ASSIGNED TASK: Would you write out the full listing exactly, without any pictures?

ENTRIES SUPPLIED:
---
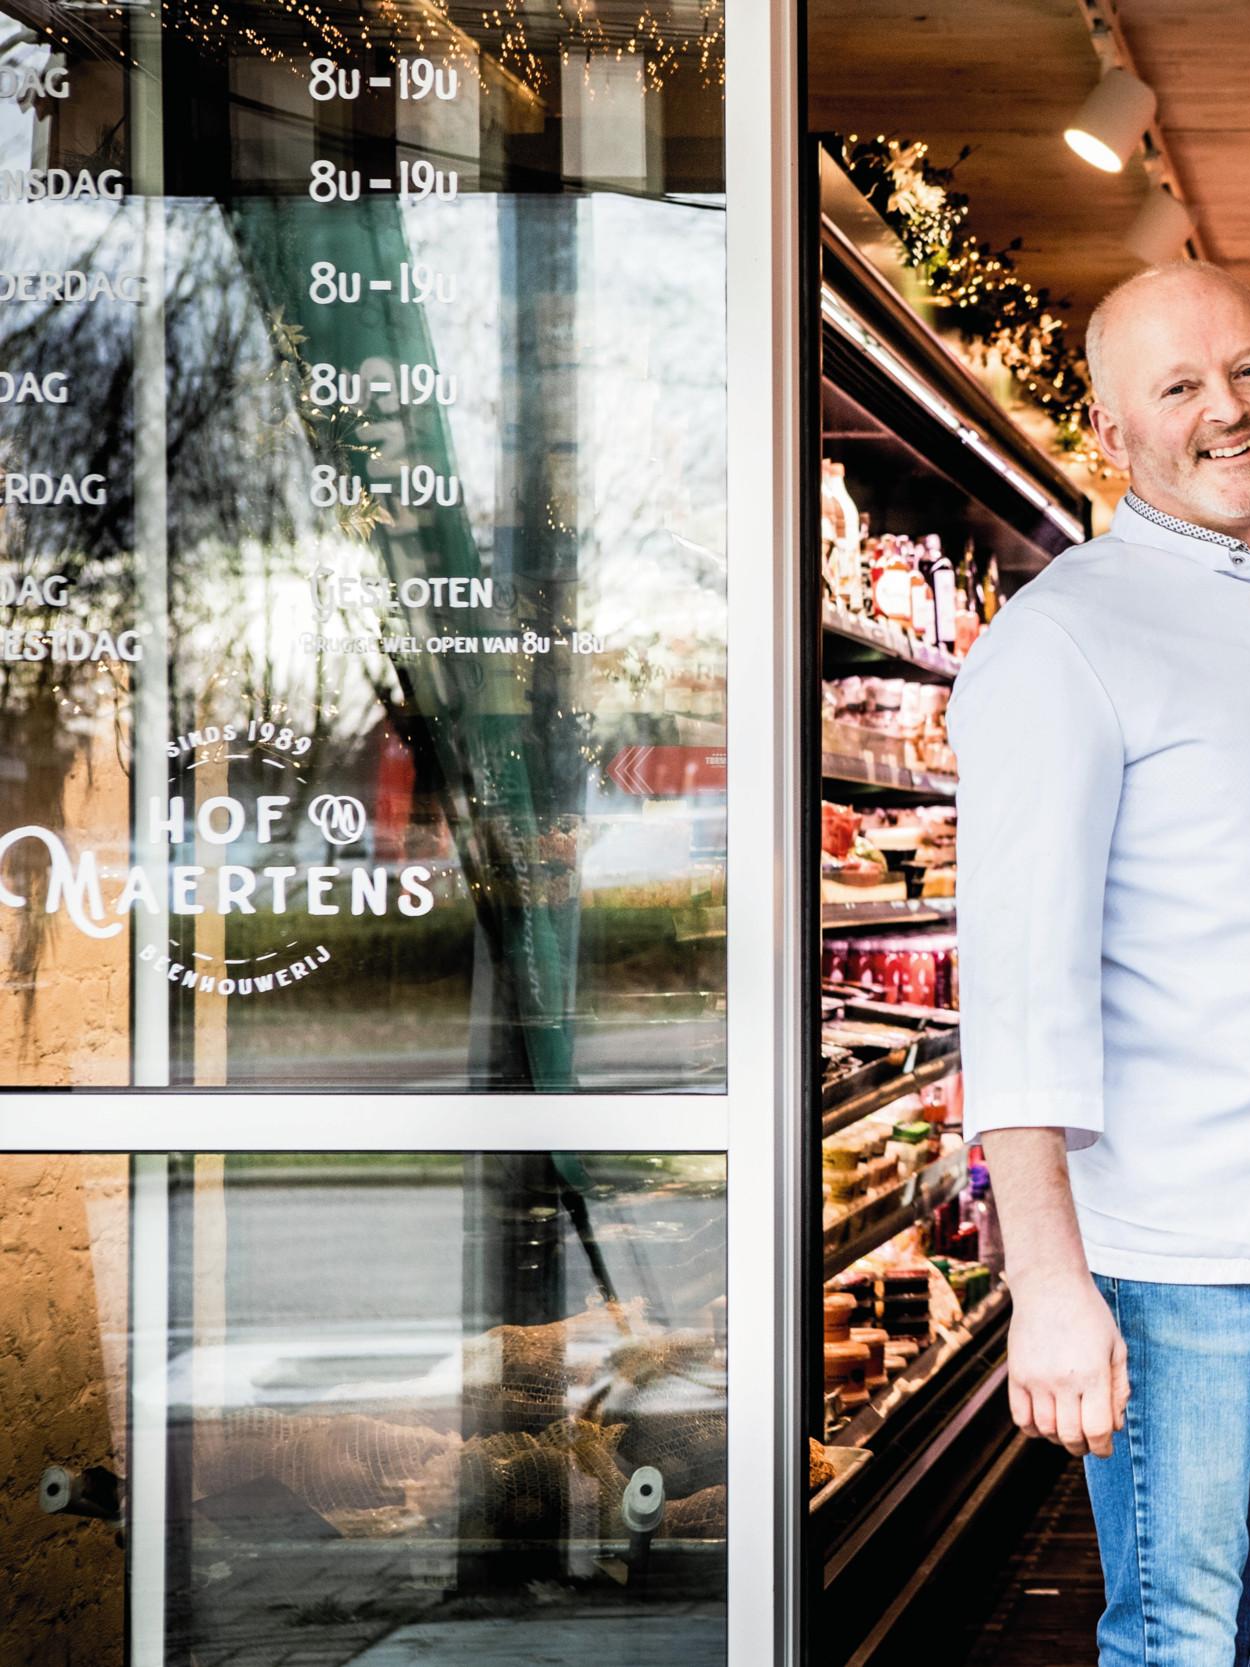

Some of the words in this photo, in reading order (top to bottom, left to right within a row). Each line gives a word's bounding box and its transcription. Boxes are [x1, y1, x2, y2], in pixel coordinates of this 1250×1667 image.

[0, 167, 124, 201] NSDAG
[0, 473, 107, 506] RDAG
[0, 629, 143, 662] ESTDAG
[383, 636, 422, 655] WEL
[426, 636, 478, 655] OPEN
[482, 636, 518, 655] VAN
[166, 723, 237, 759] SINDS
[247, 720, 312, 755] 1989
[150, 795, 291, 845] HOF
[0, 825, 435, 939] MAERTENS
[138, 943, 332, 996] BEENHOUWERIJ
---
OUTPUT FOR THIS EXERCISE:
Some of the words in this photo, in reading order (top to bottom, left to right within a row). Each line gives a word's bounding box and its transcription. Boxes are [x1, y1, x2, y2], in pixel coordinates of this 1250×1667 image.

[0, 167, 124, 201] NSDAG
[0, 473, 107, 506] RDAG
[0, 629, 143, 662] ESTDAG
[383, 636, 422, 655] WEL
[426, 636, 478, 655] OPEN
[482, 636, 518, 655] VAN
[166, 723, 237, 759] SINDS
[247, 720, 312, 755] 1989
[150, 795, 291, 845] HOF
[0, 825, 435, 939] MAERTENS
[138, 943, 332, 996] BEENHOUWERIJ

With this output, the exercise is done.